──────── Material shown

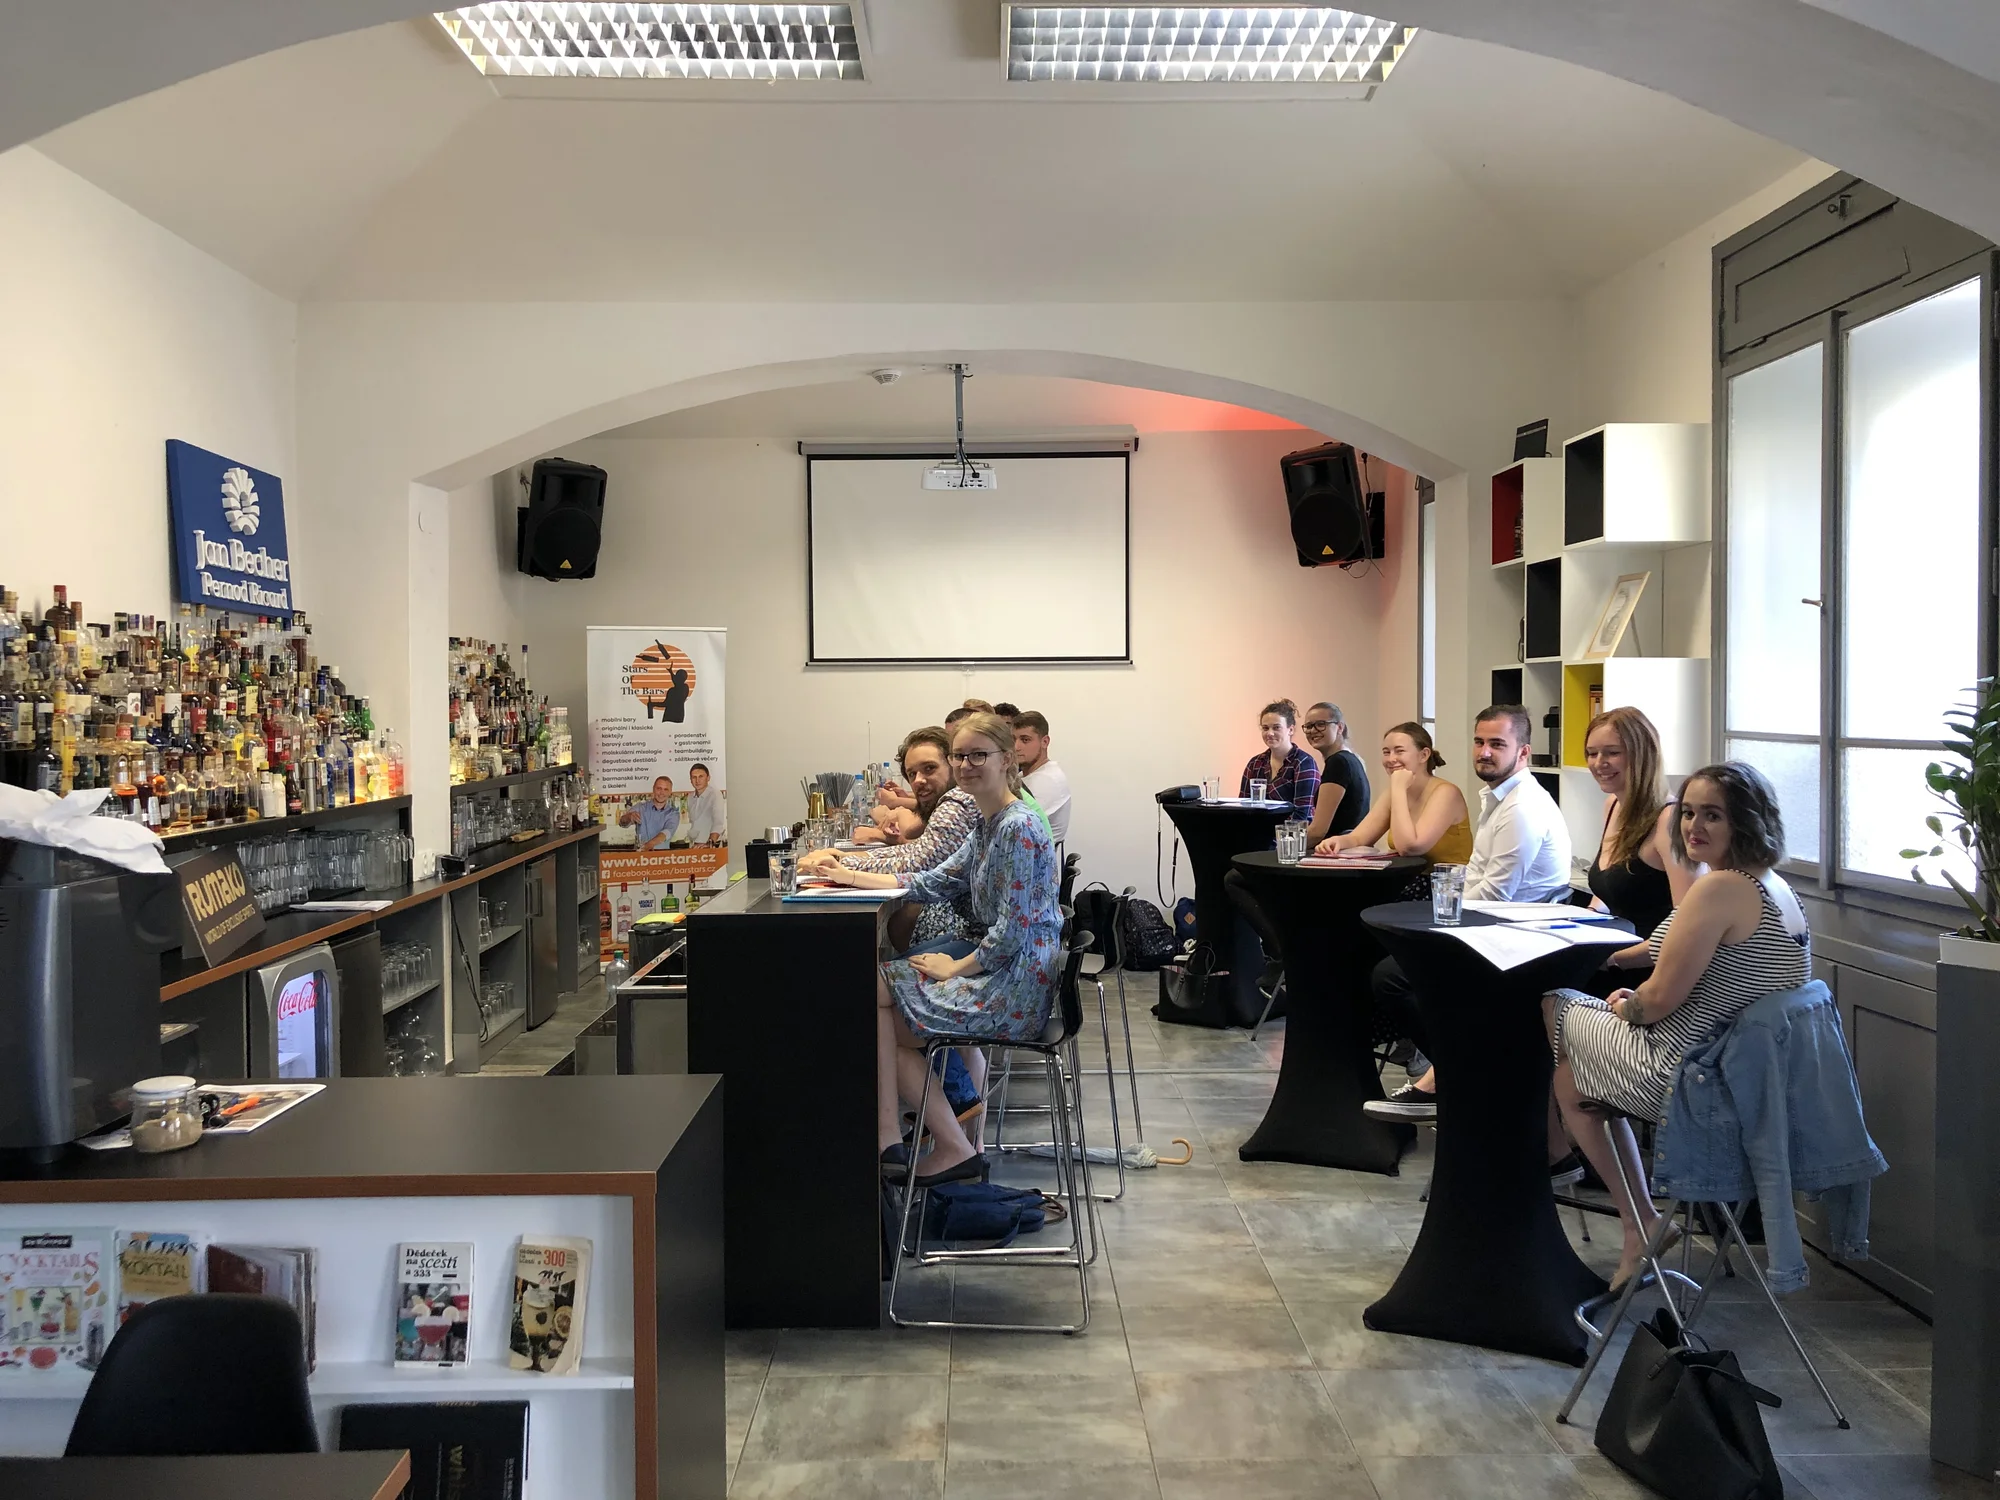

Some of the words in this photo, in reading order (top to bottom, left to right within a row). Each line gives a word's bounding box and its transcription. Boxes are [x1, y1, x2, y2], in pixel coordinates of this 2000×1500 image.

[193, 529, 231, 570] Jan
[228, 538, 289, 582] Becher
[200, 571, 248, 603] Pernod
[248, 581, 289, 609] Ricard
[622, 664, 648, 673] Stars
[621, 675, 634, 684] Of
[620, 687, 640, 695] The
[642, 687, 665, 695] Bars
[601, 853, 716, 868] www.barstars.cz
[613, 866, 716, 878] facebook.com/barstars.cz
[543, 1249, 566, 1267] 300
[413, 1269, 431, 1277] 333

────────────────

What to do: What you print must match the entries exactly, except that no pictures appear.

Answer section:
Some of the words in this photo, in reading order (top to bottom, left to right within a row). Each line gives a word's bounding box and its transcription. Boxes are [x1, y1, x2, y2], in pixel coordinates of this 2000×1500 image.

[193, 529, 231, 570] Jan
[228, 538, 289, 582] Becher
[200, 571, 248, 603] Pernod
[248, 581, 289, 609] Ricard
[622, 664, 648, 673] Stars
[621, 675, 634, 684] Of
[620, 687, 640, 695] The
[642, 687, 665, 695] Bars
[601, 853, 716, 868] www.barstars.cz
[613, 866, 716, 878] facebook.com/barstars.cz
[543, 1249, 566, 1267] 300
[413, 1269, 431, 1277] 333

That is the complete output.